For Xu and OP, the discomfort of anxiety is not a question of how but when. Its possibility is imminent for all parties involved: for the consenting audiences who must first locate the show before funneling into tight spaces designed to amplify the harshest of frequencies; for the nonconsenting audience mostly comprising of exhausted commuters who are forced to walk through the performance on their way home from work; for Xu and his guerilla activities that are often and at any time subject to police sanctioning; and finally for the performing NIMB practitioners who, amongst all of this social noise, must focus their full attention on wrestling their output signal using a setup that is ironically designed to do the exact opposite. On all accounts, future-oriented anxiety exists as a contingent germ within OP’s communication channels that coalesces by design in the (often literal) underground environments where Xu’s guerilla events occur.


However, whilst Ngai’s notion of anxiety is fitting, theory only takes you so far with NIMB. It’s a challenging practice to articulate and any attempt to do so ought to be paired with an empirical experience. Given this, we can look towards affect from the perspective of the punter — not unlike that which was emphatically described to me at Revolver Bar. In lieu of an OP event, myself and the aforementioned punters embraced the next best thing; an indoor subjection to Xu’s NIMB work as the opening act for a Ryosuke Kiyasu-headlined gig at the intimate Da'an district venue, Senko Issha. What I took from the show and what can presumably be drawn from an OP event is the following: if noise and anxiety are to be understood in their conventionally negative character, then Xu’s work operates to furrow into a teleological vacuum within the market-driven world it finds itself in. When paired together, NIMB and OP produce a sonic excess that often supersedes its demand (think of the fatigued public transport commuter) in order to, albeit momentarily, level dominant socio-political hegemonies and tired rhetorical promises of the neoliberal milieu. These include upwards socioeconomic mobility, the merits of free-market libertarianism and earnest egalitarian democracy. It begins with the absence of a traditional input signal to propose an abstract alternative of collective socio-sonic listening, an indication that social determination is culturally constructed, not naturally given and can therefore be changed — something that Taiwan knows all too well. Why is this a teleological vacuum? Because it interferes with predetermined neoliberal conception of purpose by opting instead to dissolve liberal selfhood of the performer and audience, dealing a heavy blow to the ego. 

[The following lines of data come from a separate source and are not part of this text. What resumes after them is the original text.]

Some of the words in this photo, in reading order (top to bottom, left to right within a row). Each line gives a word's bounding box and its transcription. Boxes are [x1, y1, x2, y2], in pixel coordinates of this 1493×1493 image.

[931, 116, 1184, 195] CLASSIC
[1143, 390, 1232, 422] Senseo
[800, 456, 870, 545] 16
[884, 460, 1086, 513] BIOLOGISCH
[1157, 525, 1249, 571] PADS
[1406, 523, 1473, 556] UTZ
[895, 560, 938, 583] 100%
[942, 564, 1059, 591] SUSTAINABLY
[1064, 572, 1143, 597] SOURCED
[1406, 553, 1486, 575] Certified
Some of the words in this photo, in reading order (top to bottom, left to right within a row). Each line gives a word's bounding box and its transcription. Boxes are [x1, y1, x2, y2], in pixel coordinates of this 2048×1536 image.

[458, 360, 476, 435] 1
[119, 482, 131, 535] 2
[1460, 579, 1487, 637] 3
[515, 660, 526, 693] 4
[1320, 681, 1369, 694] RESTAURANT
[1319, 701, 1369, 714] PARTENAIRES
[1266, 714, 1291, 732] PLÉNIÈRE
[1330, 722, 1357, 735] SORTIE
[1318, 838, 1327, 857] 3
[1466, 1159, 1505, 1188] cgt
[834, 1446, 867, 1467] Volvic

Through NIMB and OP, Xu works anxiety through entire crowds. It’s an affect that doesn’t discriminate but contracts all within earshot into an experience of the immobilised self, prompting considerations of potential escape routes to move beyond (infra)structural chokepoints. In other words, it presents a future-orientedness where change is anticipated, liberation from capitalism’s structural determination is envisioned, DIY collectivity is embraced and (most importantly) the neoliberal individualism of the self is set aside during a close brush with sonic humility. No-input, no-bullshit. The late Dino said it best: ‘I am a man of self-abandonment.’ If you listen closely loudly, you can hear such a sentiment echoed in A History of Self — a recording of this very process of collective construction via individual destruction that lies at the core of Xu’s work.

Triple metal zone daisy chain at an Outer Pulsation, n.d., photograph. Image courtesy of Tyler Bennett.

¹ Sianne Ngai, Ugly Feelings, Harvard University Press, Cambridge, 2005, p. 209.
² Sheryl Cheung, ‘Gentle Sweeps in a Deep Abyss: Interview with Dino’, ArtAsiaPacific, 26 March 2019, https://artasiapacific.com/ideas/gentle-sweeps-in-a-deep-abyss-interview-with-dino (Accessed 23 February 2025).

Samuel Beilby is an artist based in Boorloo. He is a board member at Cool Change Contemporary, Gallery Associate at AVA Gallery and irritant with the mgmgmgmg collective. He is currently a PhD candidate at the University of Western Australia with a research focus on post-covid noise art.